Ekrem H. Cetinkaya, DO
PGY-1
Jefferson Einstein Montgomery Hospital
Lansdale, Pennsylvania, United States
Motasem Abul-Huda, DO (he/him/his)
PGY-1
Palisades Medical Center
Lodi, New Jersey, United States
Abraham Alfaro, PhD, DO
Attending
AtlantiCare FQHC
Atlantic city, New Jersey, United States
A 60-year-old woman was unable to open her mouth four years post-motor vehicle collision. Prior masseter muscle injections with onabotulinum toxin (BoNT) at doses of 150, 200, and 300 units provided no relief. Electromyography (EMG) identified continuous bursts in JC muscles at rest. Motor points (MP) in the masseter were stimulated at 0.7-1.0 mA, and 5% phenol was injected to treat JC dystonia. 0.1 ml phenol was injected at 5 sites. The left medial pterygoid was injected with 0.1 ml phenol when EMG bursts appeared. To rule out contractures, 0.5% bupivacaine was injected. The distance between patient’s teeth pre-injection was 5 mm; 15 mm post phenol; 28 mm post bupivacaine to the right medial pterygoid and temporalis muscles.
Discussions:
JC OMD may involve the bilateral masseter, temporalis, and medial pterygoid muscles; as such, dystonia must be identified with EMG. High doses of BoNT were not effective because dystonia existed in the temporalis and medial pterygoid.

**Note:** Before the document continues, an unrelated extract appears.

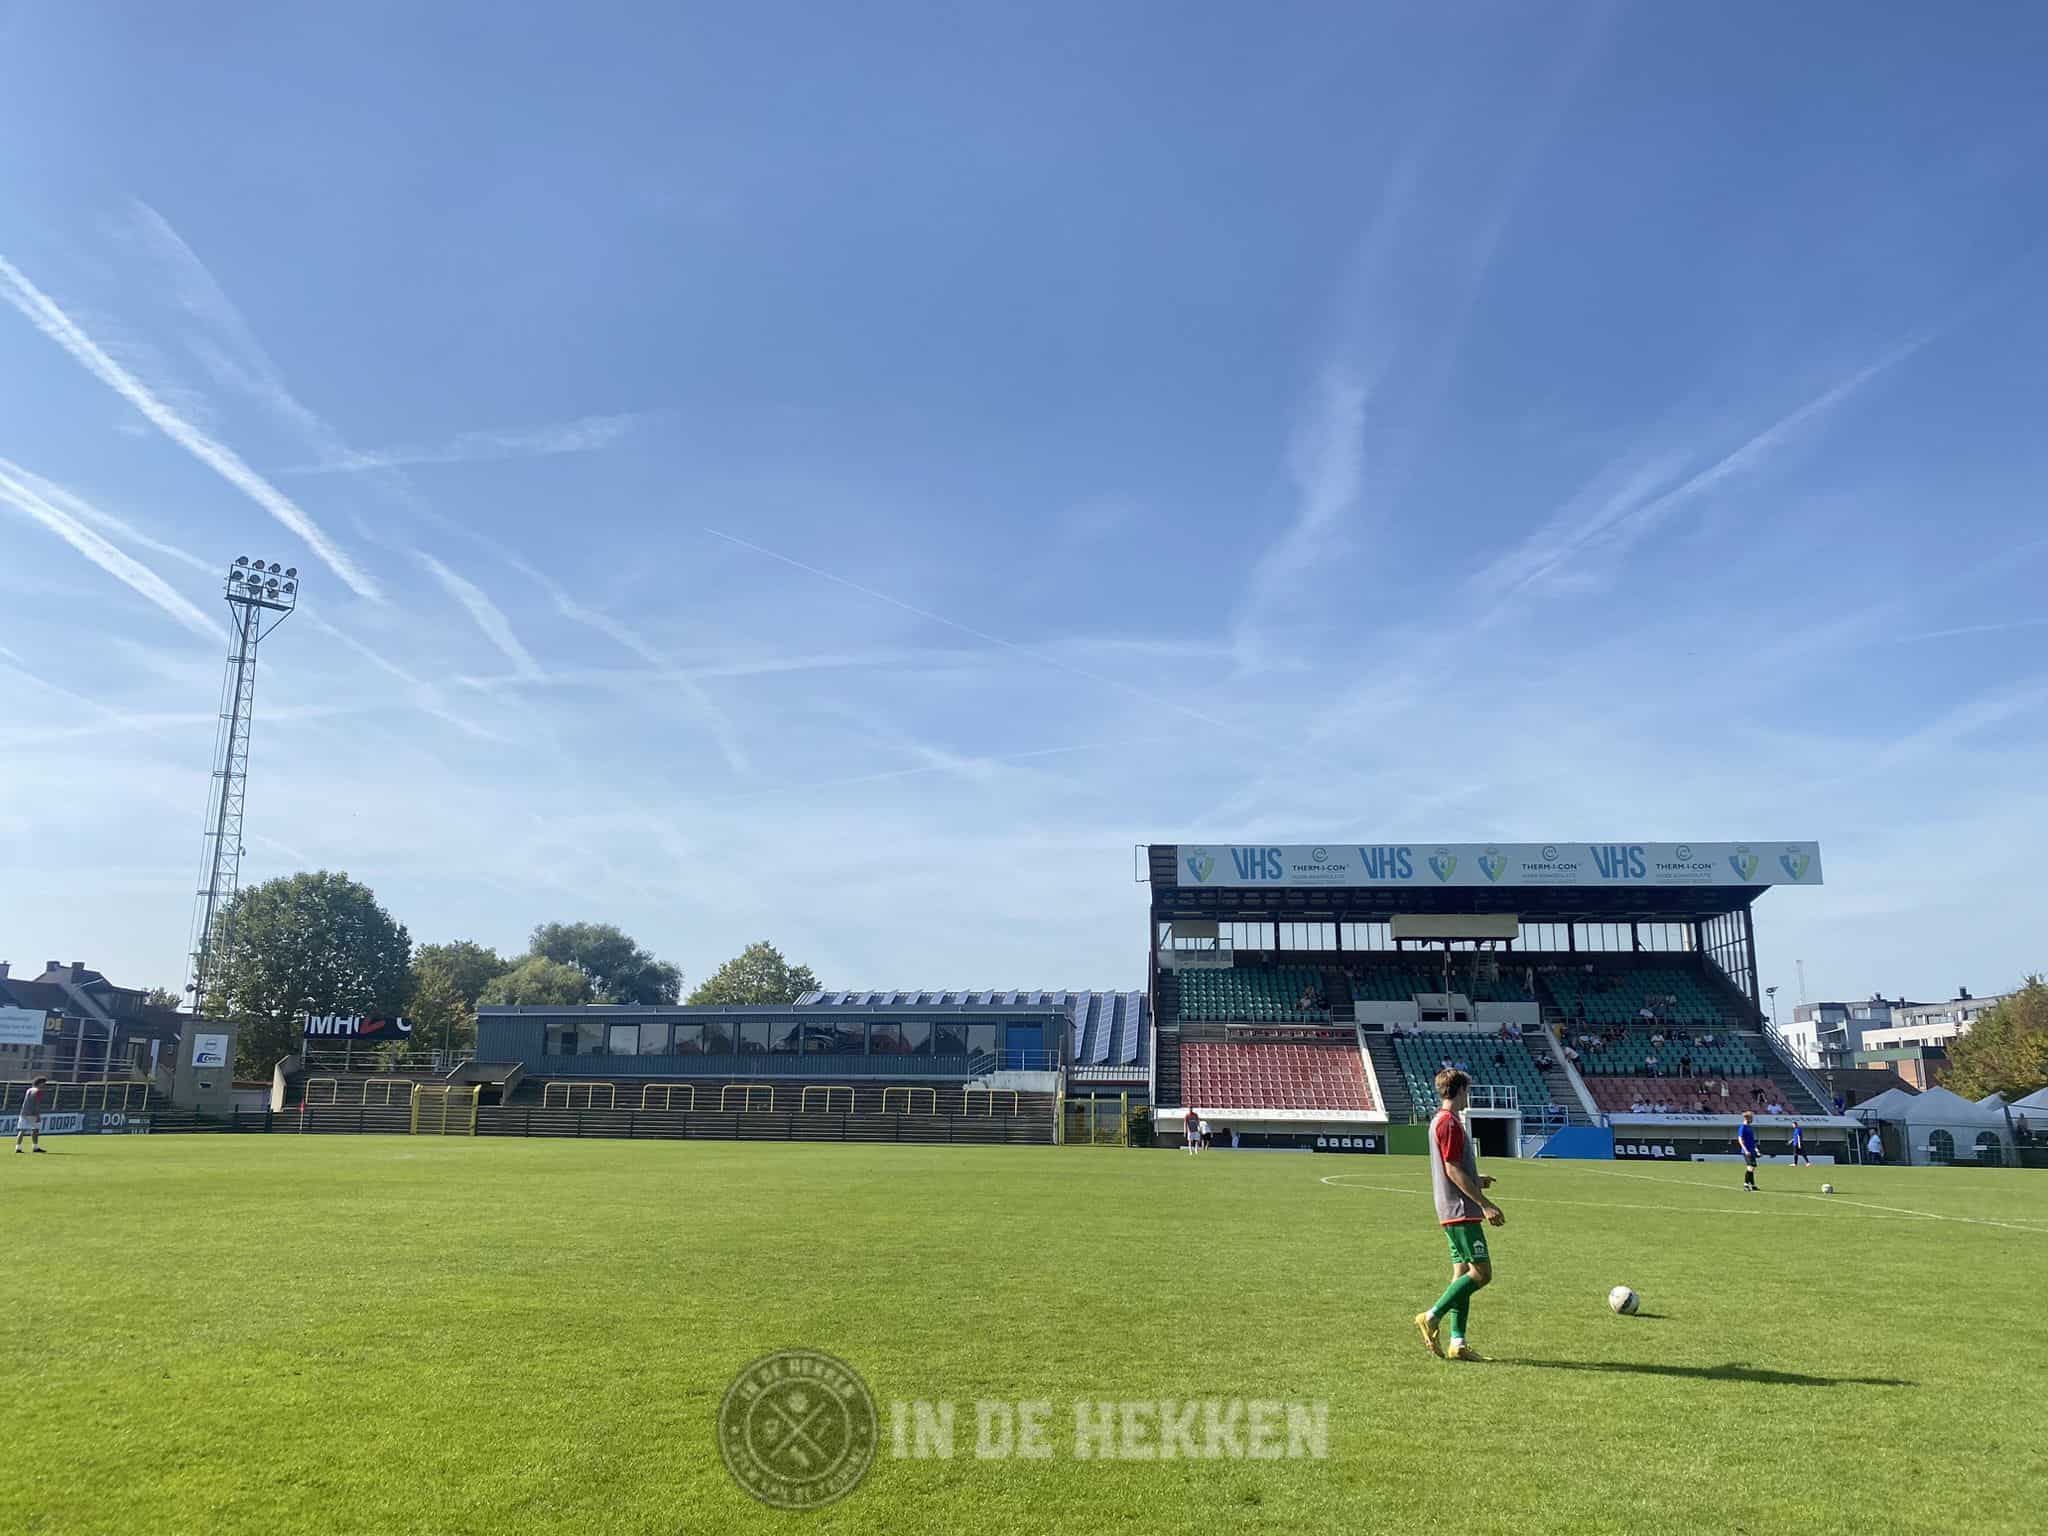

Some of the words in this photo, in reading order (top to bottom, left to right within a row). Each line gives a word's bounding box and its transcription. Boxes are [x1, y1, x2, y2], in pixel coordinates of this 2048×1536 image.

[1231, 847, 1283, 880] VHS
[1359, 847, 1414, 880] VHS
[1590, 845, 1647, 879] VHS

Furthermore, side effects with high doses of BoNT include 11% risk of dysphagia or dysarthria. Phenol MP injections can be performed with electrical stimulation for the masseter and temporalis muscles; the medial pterygoid muscles can be injected with phenol during bursts of EMG activity. Bupivacaine injections help rule out contractures.
Conclusions:
For JC OMD: EMG can identify dystonia for bilateral masseter, temporalis, and medial pterygoid muscles; injecting phenol into the masseter and temporalis muscle MP identified with electrical stimulation, and can be injected in the medial pterygoid muscles when EMG activity is pronounced. Bupivacaine injections serve a diagnostic role to rule out contractures, enhancing treatment precision.